Шок от того, что я увидела ее снова – так и лежащую в лесу, где я ее бросила, – парализовал меня. Первобытная жестокость собственных поступков, их хладнокровная решительность, отвратительное зрелище ее мертвого тела… Я ощущала его физически, свой ужас. Кажется, какая-то моя часть надеялась, что девушки здесь не будет, что все это мне приснилось… дурная, тошнотворная фантазия – только и всего. Но вот она тут. Безжизненная. Не приснилось – я сделала это на самом деле. Босые ноги. Расстегнувшийся бюстгальтер – тот самый, что подарил ей Филипп, хотя тогда я этого еще не знала. Такая беззащитная… Я позабыла о том, что она была моей соперницей. Передо мной лежала просто девушка, почти девочка, чья-то дочь… И жизнь ее была зверски оборвана.

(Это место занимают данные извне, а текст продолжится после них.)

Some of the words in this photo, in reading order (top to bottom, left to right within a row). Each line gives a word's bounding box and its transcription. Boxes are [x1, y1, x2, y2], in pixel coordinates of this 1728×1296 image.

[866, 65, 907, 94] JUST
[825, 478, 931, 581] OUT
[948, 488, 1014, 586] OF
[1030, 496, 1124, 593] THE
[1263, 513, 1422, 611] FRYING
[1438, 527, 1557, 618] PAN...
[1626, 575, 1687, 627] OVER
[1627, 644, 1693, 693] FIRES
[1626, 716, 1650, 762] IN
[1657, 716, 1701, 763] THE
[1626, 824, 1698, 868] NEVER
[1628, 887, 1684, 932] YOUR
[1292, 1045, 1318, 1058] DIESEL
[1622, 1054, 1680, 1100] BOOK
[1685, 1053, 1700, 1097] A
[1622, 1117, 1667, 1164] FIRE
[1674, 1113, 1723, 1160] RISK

Приехала полиция, Морроу с Перивалем. Не буду врать, по профессии я не столько журналист, сколько актриса, но свое потрясение и безысходную, отчаянную тоску – нет, их я не играла. Я старалась задавать вопросы, которые, как мне казалось, должна была задавать. И вопросы, на которые действительно хотела узнать ответ (например, про сыпь у нее на лице). Поехала на работу, как-то прожила день. Промашки начались потом, когда вечером ко мне в дом явился Периваль. Я запаниковала. Боясь, что копы найдут шнурок, я отдала инспектору не Филиппову толстовку, в которой была на самом деле, а свою. Но меня все равно глодало беспокойство. А что, если ткань на наших кофтах отличается? Я знала, что трогала тело, но, охваченная страхом, не могла вспомнить, что конкретно делала. Или что именно нужно говорить. В какой-то момент я надолго задумалась, стараясь представить, что должна помнить попавшая в мою ситуацию свидетельница преступления, что она сказала бы. Секунды тикали, и говорить хоть что-то было уже бесполезно.

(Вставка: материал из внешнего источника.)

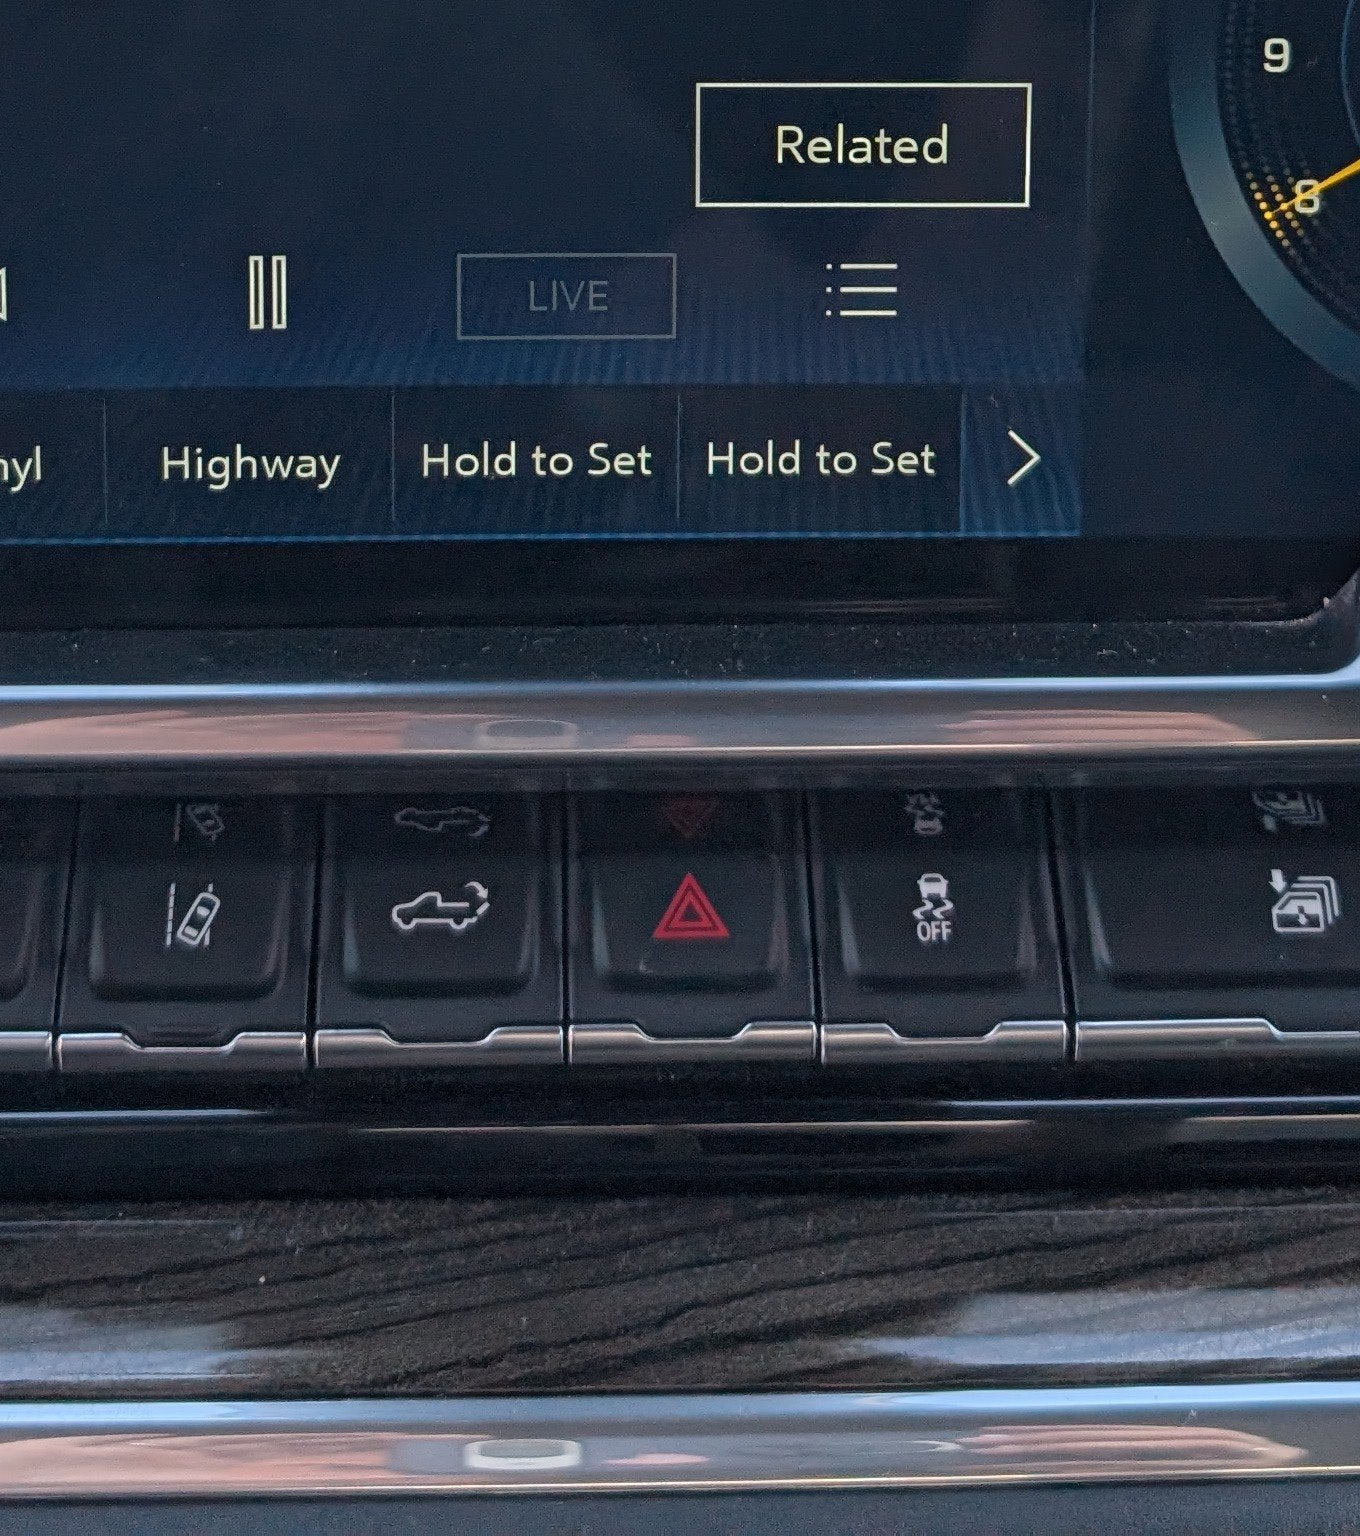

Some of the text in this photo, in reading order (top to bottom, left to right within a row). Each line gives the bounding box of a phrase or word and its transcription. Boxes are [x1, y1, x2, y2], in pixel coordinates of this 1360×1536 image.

[1263, 37, 1291, 74] 9
[776, 122, 949, 165] Related
[1294, 179, 1321, 215] 8
[528, 278, 609, 313] LIVE
[162, 443, 342, 491] Highway
[422, 440, 653, 478] Hold to Set
[706, 438, 936, 476] Hold to Set
[915, 919, 953, 943] OFF

Нужные слова пришли ко мне чуть погодя, и я «вспомнила». Вроде бы пустяк, но что-то в моем промедлении зацепило Периваля, вызвало подозрения. Какая-то мелочь, нестыковка информации. А последствия разрослись как снежный ком. Или я сама себя чем-то выдала? Была неадекватной?…
Мне постоянно приходилось соответствовать обстоятельствам, правильно реагировать; я изо всех сил старалась замаскировать овладевший мной ужас, бесконечные дурные предчувствия и изнуряющий страх под негодование и потрясение, которые демонстрировал бы на моем месте человек невиновный. А Периваль сыпал все новыми и новыми уликами, предъявлял фотографии, как личные трофеи. Мозг у меня закипал. Почва: надо было подмести пол в квартире Ани, как же глупо… Газетные вырезки: странно, зачем Аня их собирала? Видимо, ей тоже нужны были «сувениры»… Одежда: вот тут я оказалась в тупике. Мне и в голову не приходило, что это Филипп обчистил мой гардероб, какая гадость! Магазин секонд-хенд, Марта со своим «и-Бэй» – оба эти объяснения выглядели правдоподобными. Напоминания о ее беременности каждый раз были для меня выстрелом в висок. А потом Периваль вытащил из рукава чек, оплаченный моей кредиткой. Филипп по ошибке взял мою карту, это было яснее ясного. Только инспектору-то я что должна была говорить? Заметил ли Периваль плеснувшуюся в моих глазах мýку? Разглядел ли ее за небрежными комментариями и легкомысленными шутками? Может, именно это и укрепило его подозрения?…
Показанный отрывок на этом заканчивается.